Libcollections traits: a standard interface for all collections

Edit: I’ve started a proposal document that everyone is free to comment on, and submit changes to:

##main file is here ##history is here

#Original Post: It has come to my attention that some of the Rust collections do not expose their primary interface through any trait.

Offenders as of this post include:

  • PriorityQueue
  • EnumSet
  • BTree
  • LruCache

After raising the issue on #rust-internals, I was informed this is partially intentional while everything is figured out. I’m starting this thread as a place to discuss thoughts and concerns about traits provided by libcollections.

Why Traits?

I think it’s important to first establish why exactly we want standard collection traits, so we’re all on the same page about goals and priorities.

Ease of use

If a structure implements a standard trait, then it’s usually much easier to pick up and use than one with a random proprietary one. This holds true for both explicit traits and general conventions between similar but distinct traits.

Easy Replacement

Collections are a rare example of a perfectly replaceable structure. Most code, at least at the pure implementation level, shouldn’t care if the stack it is using is backed by a linked list or an array. Consequently, it should be easy to replace one with the other when design or performance issues demand it.

Testing and Guarantees

One frustrating detail of the current libcollection codebase, and consequently any third party data structure codebase, is that there’s a lot of duplication of testing efforts. Every implementer of the Map interface does basically the same thing from an external perspective, and the fact that most of the tests are basically the same reflects this.

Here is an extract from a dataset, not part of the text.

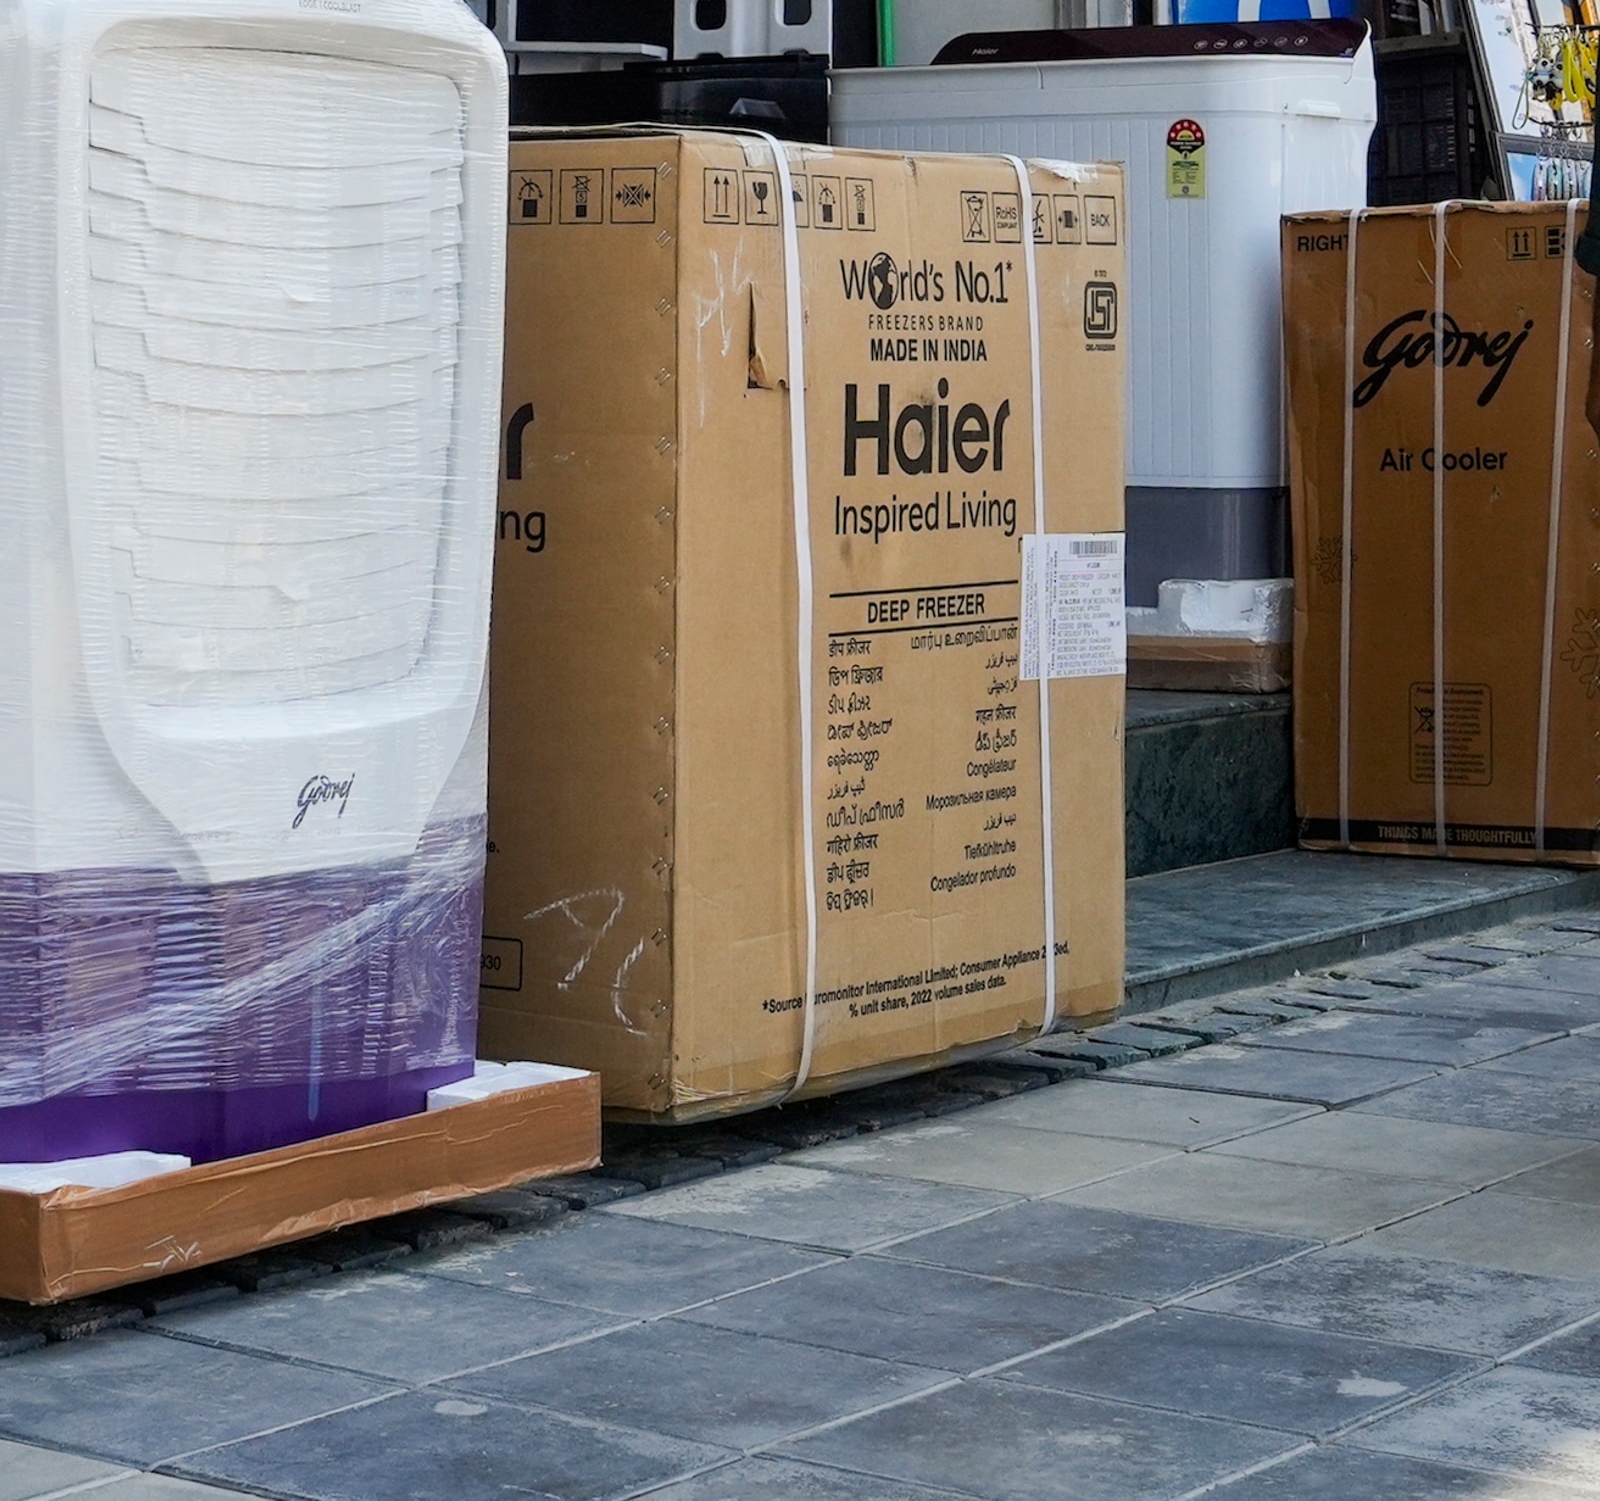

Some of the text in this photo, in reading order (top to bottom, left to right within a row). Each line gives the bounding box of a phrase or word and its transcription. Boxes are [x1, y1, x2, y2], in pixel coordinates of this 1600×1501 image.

Having good traits with well defined interactions allows us to write common tests once and reuse them elsewhere. Exporting these tests would also be a great benefit to third-party developers as it reduces their development times, and provides them with an official means to verify that their designs conform to the contracts of the traits they implement.

The Current Traits

  • Collection
  • Deque
  • Map
  • MutableMap
  • Set
  • MutableSet

There’s also currently an RFC to add MultiSet traits, and a request up for MultiMap as well.

The ones that exist are pretty minimal, and what they provide I find to be pretty unobjectionable. They cleanly boil down the essence of these collections well. However, the most obvious problem with the current trait situation is simply an absence of traits.

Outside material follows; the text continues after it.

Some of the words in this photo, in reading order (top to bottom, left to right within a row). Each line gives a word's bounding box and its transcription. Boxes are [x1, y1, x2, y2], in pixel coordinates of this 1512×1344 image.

Off the top of my head, the following traits are probably a good idea to have in one form or another:

  • Queue
  • Stack
  • PriorityQueue
  • List (random access by index)
  • Sorted Variants (methods like find_with are cropping up in a few places)

Future of Traits, and Issues

More than anything, I’d like to see better documentation of how distinct traits should interact. For instance, Collections that implement Default should probably return an empty instance as their Default. Sets shouldn’t grow their len() if you insert the same element twice, but Deques should. These are obvious things to everyone, but making them explicit might be worthwhile. Particularly in the form of centralized tests.

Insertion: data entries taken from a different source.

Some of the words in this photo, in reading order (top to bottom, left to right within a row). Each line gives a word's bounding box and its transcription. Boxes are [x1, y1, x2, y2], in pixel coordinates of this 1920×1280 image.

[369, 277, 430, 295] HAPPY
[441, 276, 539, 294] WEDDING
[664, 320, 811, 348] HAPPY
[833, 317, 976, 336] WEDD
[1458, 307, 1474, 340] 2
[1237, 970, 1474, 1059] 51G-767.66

Centralized benchmarks would also be handy for comparing performance characteristics of implementations.

On PriorityQueues

Priority Queues are an interesting problem. The basic interface is fairly easy. It’s just a queue. However the various extensions and usecases for them complicates this. For one, people often don’t have a struct that directly implements Ord, or it if does, it might not be the ordering they want (the most common case is that you simply want the reversed ordering).

  • Should users be expected to wrap their structures in something that implements the right Ord? Or can they provide a custom “comparator” in the style of Java and C#?
  • Should Priority Queues take a key and value, or just a value?

There is also the issue of common Priority Queue extensions. The venerable Dijkstra’s Algorithm generally uses a Priority Queue that supports the decrease key operation. For many structures, this operation is a total non-starter. For instance an unmodified binary heap requires a linear search to perform this operation. Many other heaps are similar. Off the top of my head, there are two ways to provide decrease key: have an internal HashMap from Keys to internal references, or return a token upon insertion to be used in calls to decrease-key. These tokens would have to have some heap allocated shared state with the collection to be safe and stay up to date. These approaches would have very different results on any trait that tried to capture this operation. Thoughts?

On Adaptive Structures and Mutability

Rust’s mutability system introduces some unique challenges for interface designers. On one hand, it makes sense that an operation like “contains” should work even if you don’t have mutable access to the structure. On the other hand, adaptive structures like splay trees have to mutate on search in order to be correct. There are several solutions to this:

  • Adaptive structures cannot implement the traits (dumb)
  • Adaptive structures get their own traits (dumb?)
  • More _mut combinatoric explosions (dumb?)
  • Adaptive structures use internal mutability to satisfy these constraints

I also have some problems with mutability as it currently seems to necessitate the duplication of the (relatively) complex logic of collections. One suggestion I’ve presented elsewhere has been to provide a mechanism for generic mutability, in the same vein as generic lifetimes.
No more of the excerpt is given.